**Data**
□ □ □

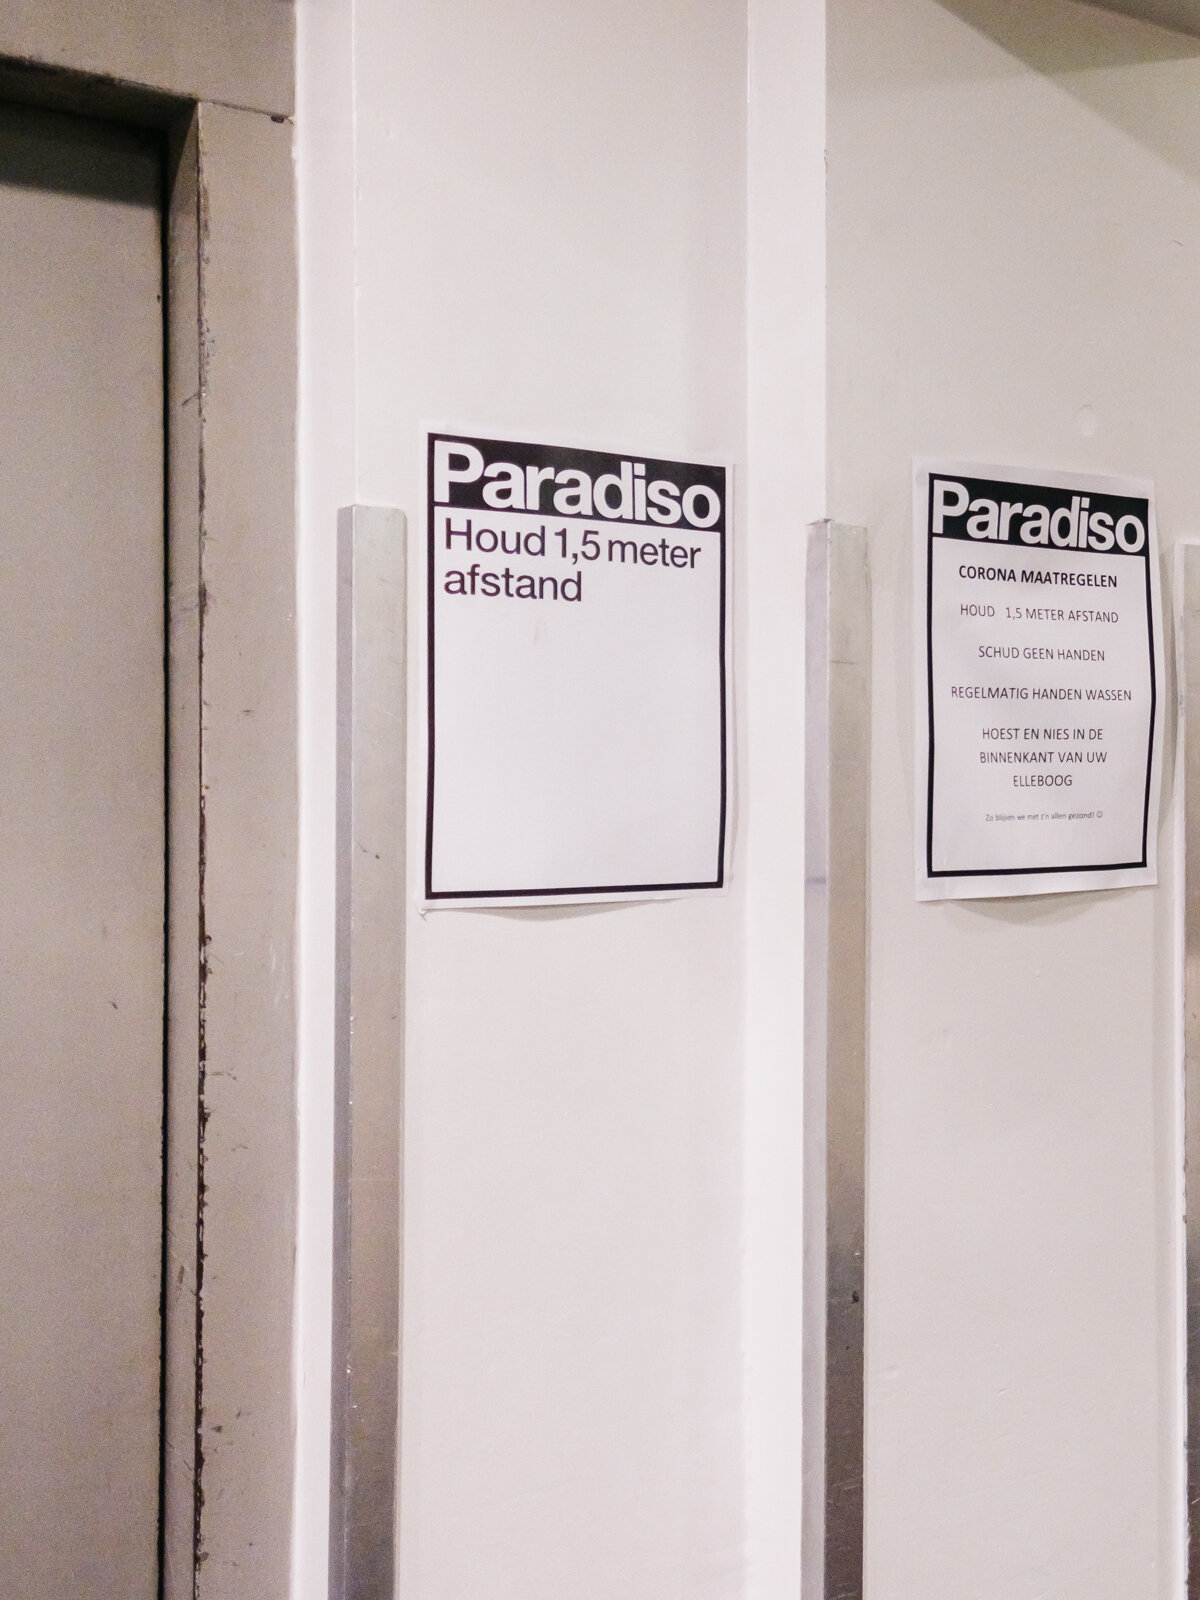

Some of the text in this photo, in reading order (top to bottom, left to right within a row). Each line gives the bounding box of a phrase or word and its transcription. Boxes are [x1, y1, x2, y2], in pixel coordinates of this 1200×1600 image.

[433, 439, 721, 529] Paradiso
[932, 478, 1146, 553] Paradiso
[445, 517, 702, 569] Houd 1,5 meter
[443, 563, 582, 602] afstand
[959, 565, 1118, 588] CORONA MAATREGELEN
[960, 603, 1119, 623] HOUD 1,5 METER AFSTAND
[978, 645, 1105, 662] SCHUD GEEN HANDEN
[951, 686, 1132, 701] REGELMATIG HANDEN WASSEN
[982, 728, 1104, 740] HOEST EN NIES IN DE
[979, 751, 1108, 764] BINNENKANT VAN UW
[1013, 774, 1073, 787] ELLEBOOG
[1050, 812, 1067, 820] allen

□ □ □

**What is being asked**
Repeat the full listing above exactly, with no pictures in the copy.

**Response below**
Some of the text in this photo, in reading order (top to bottom, left to right within a row). Each line gives the bounding box of a phrase or word and its transcription. Boxes are [x1, y1, x2, y2], in pixel coordinates of this 1200×1600 image.

[433, 439, 721, 529] Paradiso
[932, 478, 1146, 553] Paradiso
[445, 517, 702, 569] Houd 1,5 meter
[443, 563, 582, 602] afstand
[959, 565, 1118, 588] CORONA MAATREGELEN
[960, 603, 1119, 623] HOUD 1,5 METER AFSTAND
[978, 645, 1105, 662] SCHUD GEEN HANDEN
[951, 686, 1132, 701] REGELMATIG HANDEN WASSEN
[982, 728, 1104, 740] HOEST EN NIES IN DE
[979, 751, 1108, 764] BINNENKANT VAN UW
[1013, 774, 1073, 787] ELLEBOOG
[1050, 812, 1067, 820] allen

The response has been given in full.